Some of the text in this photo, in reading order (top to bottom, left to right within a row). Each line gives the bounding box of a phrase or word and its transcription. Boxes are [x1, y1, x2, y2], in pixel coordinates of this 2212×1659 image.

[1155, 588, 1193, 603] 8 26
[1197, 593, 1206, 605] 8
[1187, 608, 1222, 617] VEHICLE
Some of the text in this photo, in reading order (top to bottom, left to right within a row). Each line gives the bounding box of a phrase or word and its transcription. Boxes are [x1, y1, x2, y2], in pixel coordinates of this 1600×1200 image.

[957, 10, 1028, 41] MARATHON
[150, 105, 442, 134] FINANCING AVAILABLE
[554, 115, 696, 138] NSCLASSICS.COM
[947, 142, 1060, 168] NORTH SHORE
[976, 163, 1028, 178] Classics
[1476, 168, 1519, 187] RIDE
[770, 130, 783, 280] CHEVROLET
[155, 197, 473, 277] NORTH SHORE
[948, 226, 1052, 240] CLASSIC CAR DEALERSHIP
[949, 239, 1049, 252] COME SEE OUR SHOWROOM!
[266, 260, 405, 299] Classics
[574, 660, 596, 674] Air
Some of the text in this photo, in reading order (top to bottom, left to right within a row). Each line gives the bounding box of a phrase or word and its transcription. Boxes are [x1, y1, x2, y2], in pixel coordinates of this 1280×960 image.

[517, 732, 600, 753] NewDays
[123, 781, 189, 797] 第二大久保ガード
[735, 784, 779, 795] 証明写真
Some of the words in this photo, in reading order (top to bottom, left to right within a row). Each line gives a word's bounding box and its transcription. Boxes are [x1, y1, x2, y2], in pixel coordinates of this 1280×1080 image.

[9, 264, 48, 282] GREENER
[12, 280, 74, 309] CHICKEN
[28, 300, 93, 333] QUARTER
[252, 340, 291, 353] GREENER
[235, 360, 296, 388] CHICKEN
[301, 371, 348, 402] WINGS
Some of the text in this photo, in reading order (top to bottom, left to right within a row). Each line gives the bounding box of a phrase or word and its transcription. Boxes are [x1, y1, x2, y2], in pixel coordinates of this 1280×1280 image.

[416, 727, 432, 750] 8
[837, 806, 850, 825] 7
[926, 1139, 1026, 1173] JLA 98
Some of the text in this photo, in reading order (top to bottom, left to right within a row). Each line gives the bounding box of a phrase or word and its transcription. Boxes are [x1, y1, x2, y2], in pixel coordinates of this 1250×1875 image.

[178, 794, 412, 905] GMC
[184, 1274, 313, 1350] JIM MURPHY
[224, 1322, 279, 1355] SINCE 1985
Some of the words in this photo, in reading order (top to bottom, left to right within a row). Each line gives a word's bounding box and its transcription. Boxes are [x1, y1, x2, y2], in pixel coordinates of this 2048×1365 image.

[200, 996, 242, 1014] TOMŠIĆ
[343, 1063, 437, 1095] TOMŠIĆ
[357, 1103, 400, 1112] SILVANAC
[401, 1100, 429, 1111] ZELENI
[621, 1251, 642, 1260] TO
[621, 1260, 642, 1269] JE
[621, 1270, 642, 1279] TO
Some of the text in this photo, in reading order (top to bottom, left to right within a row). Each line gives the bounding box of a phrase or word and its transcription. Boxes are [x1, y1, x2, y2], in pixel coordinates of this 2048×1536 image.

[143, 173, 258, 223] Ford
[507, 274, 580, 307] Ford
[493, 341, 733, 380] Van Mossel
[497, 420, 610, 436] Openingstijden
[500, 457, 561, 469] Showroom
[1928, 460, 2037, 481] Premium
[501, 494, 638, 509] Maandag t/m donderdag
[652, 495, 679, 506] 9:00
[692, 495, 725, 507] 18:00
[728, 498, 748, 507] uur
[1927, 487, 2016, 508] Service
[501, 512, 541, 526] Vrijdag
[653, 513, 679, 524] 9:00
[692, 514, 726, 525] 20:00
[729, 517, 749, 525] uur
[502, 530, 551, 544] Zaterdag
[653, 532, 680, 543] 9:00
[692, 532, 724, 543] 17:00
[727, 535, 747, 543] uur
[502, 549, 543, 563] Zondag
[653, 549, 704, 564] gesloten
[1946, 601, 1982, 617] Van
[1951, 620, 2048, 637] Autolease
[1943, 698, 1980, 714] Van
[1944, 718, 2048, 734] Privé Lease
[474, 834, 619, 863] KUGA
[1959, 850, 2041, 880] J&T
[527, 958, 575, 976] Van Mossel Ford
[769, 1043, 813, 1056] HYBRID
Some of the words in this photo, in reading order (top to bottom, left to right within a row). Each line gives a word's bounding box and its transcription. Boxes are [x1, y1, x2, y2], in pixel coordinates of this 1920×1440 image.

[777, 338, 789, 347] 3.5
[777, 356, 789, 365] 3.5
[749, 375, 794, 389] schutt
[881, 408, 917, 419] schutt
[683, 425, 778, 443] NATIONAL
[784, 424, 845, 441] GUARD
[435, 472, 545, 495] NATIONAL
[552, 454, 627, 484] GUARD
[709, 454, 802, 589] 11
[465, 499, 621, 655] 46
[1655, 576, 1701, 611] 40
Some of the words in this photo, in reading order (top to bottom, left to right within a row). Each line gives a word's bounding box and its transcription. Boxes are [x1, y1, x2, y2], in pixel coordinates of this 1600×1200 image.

******

--- WORK TASK ---
When you reach the end of the data, retype all of it exactly.

--- EXPECTED ANSWER ---
Some of the text in this photo, in reading order (top to bottom, left to right within a row). Each line gives the bounding box of a phrase or word and its transcription. Boxes are [x1, y1, x2, y2], in pixel coordinates of this 2212×1659 image.

[1155, 588, 1193, 603] 8 26
[1197, 593, 1206, 605] 8
[1187, 608, 1222, 617] VEHICLE
Some of the text in this photo, in reading order (top to bottom, left to right within a row). Each line gives the bounding box of a phrase or word and its transcription. Boxes are [x1, y1, x2, y2], in pixel coordinates of this 1600×1200 image.

[957, 10, 1028, 41] MARATHON
[150, 105, 442, 134] FINANCING AVAILABLE
[554, 115, 696, 138] NSCLASSICS.COM
[947, 142, 1060, 168] NORTH SHORE
[976, 163, 1028, 178] Classics
[1476, 168, 1519, 187] RIDE
[770, 130, 783, 280] CHEVROLET
[155, 197, 473, 277] NORTH SHORE
[948, 226, 1052, 240] CLASSIC CAR DEALERSHIP
[949, 239, 1049, 252] COME SEE OUR SHOWROOM!
[266, 260, 405, 299] Classics
[574, 660, 596, 674] Air
Some of the text in this photo, in reading order (top to bottom, left to right within a row). Each line gives the bounding box of a phrase or word and its transcription. Boxes are [x1, y1, x2, y2], in pixel coordinates of this 1280×960 image.

[517, 732, 600, 753] NewDays
[123, 781, 189, 797] 第二大久保ガード
[735, 784, 779, 795] 証明写真
Some of the words in this photo, in reading order (top to bottom, left to right within a row). Each line gives a word's bounding box and its transcription. Boxes are [x1, y1, x2, y2], in pixel coordinates of this 1280×1080 image.

[9, 264, 48, 282] GREENER
[12, 280, 74, 309] CHICKEN
[28, 300, 93, 333] QUARTER
[252, 340, 291, 353] GREENER
[235, 360, 296, 388] CHICKEN
[301, 371, 348, 402] WINGS
Some of the text in this photo, in reading order (top to bottom, left to right within a row). Each line gives the bounding box of a phrase or word and its transcription. Boxes are [x1, y1, x2, y2], in pixel coordinates of this 1280×1280 image.

[416, 727, 432, 750] 8
[837, 806, 850, 825] 7
[926, 1139, 1026, 1173] JLA 98
Some of the text in this photo, in reading order (top to bottom, left to right within a row). Each line gives the bounding box of a phrase or word and its transcription. Boxes are [x1, y1, x2, y2], in pixel coordinates of this 1250×1875 image.

[178, 794, 412, 905] GMC
[184, 1274, 313, 1350] JIM MURPHY
[224, 1322, 279, 1355] SINCE 1985
Some of the words in this photo, in reading order (top to bottom, left to right within a row). Each line gives a word's bounding box and its transcription. Boxes are [x1, y1, x2, y2], in pixel coordinates of this 2048×1365 image.

[200, 996, 242, 1014] TOMŠIĆ
[343, 1063, 437, 1095] TOMŠIĆ
[357, 1103, 400, 1112] SILVANAC
[401, 1100, 429, 1111] ZELENI
[621, 1251, 642, 1260] TO
[621, 1260, 642, 1269] JE
[621, 1270, 642, 1279] TO
Some of the text in this photo, in reading order (top to bottom, left to right within a row). Each line gives the bounding box of a phrase or word and its transcription. Boxes are [x1, y1, x2, y2], in pixel coordinates of this 2048×1536 image.

[143, 173, 258, 223] Ford
[507, 274, 580, 307] Ford
[493, 341, 733, 380] Van Mossel
[497, 420, 610, 436] Openingstijden
[500, 457, 561, 469] Showroom
[1928, 460, 2037, 481] Premium
[501, 494, 638, 509] Maandag t/m donderdag
[652, 495, 679, 506] 9:00
[692, 495, 725, 507] 18:00
[728, 498, 748, 507] uur
[1927, 487, 2016, 508] Service
[501, 512, 541, 526] Vrijdag
[653, 513, 679, 524] 9:00
[692, 514, 726, 525] 20:00
[729, 517, 749, 525] uur
[502, 530, 551, 544] Zaterdag
[653, 532, 680, 543] 9:00
[692, 532, 724, 543] 17:00
[727, 535, 747, 543] uur
[502, 549, 543, 563] Zondag
[653, 549, 704, 564] gesloten
[1946, 601, 1982, 617] Van
[1951, 620, 2048, 637] Autolease
[1943, 698, 1980, 714] Van
[1944, 718, 2048, 734] Privé Lease
[474, 834, 619, 863] KUGA
[1959, 850, 2041, 880] J&T
[527, 958, 575, 976] Van Mossel Ford
[769, 1043, 813, 1056] HYBRID
Some of the words in this photo, in reading order (top to bottom, left to right within a row). Each line gives a word's bounding box and its transcription. Boxes are [x1, y1, x2, y2], in pixel coordinates of this 1920×1440 image.

[777, 338, 789, 347] 3.5
[777, 356, 789, 365] 3.5
[749, 375, 794, 389] schutt
[881, 408, 917, 419] schutt
[683, 425, 778, 443] NATIONAL
[784, 424, 845, 441] GUARD
[435, 472, 545, 495] NATIONAL
[552, 454, 627, 484] GUARD
[709, 454, 802, 589] 11
[465, 499, 621, 655] 46
[1655, 576, 1701, 611] 40
Some of the words in this photo, in reading order (top to bottom, left to right within a row). Each line gives a word's bounding box and its transcription. Boxes are [x1, y1, x2, y2], in pixel coordinates of this 1600×1200 image.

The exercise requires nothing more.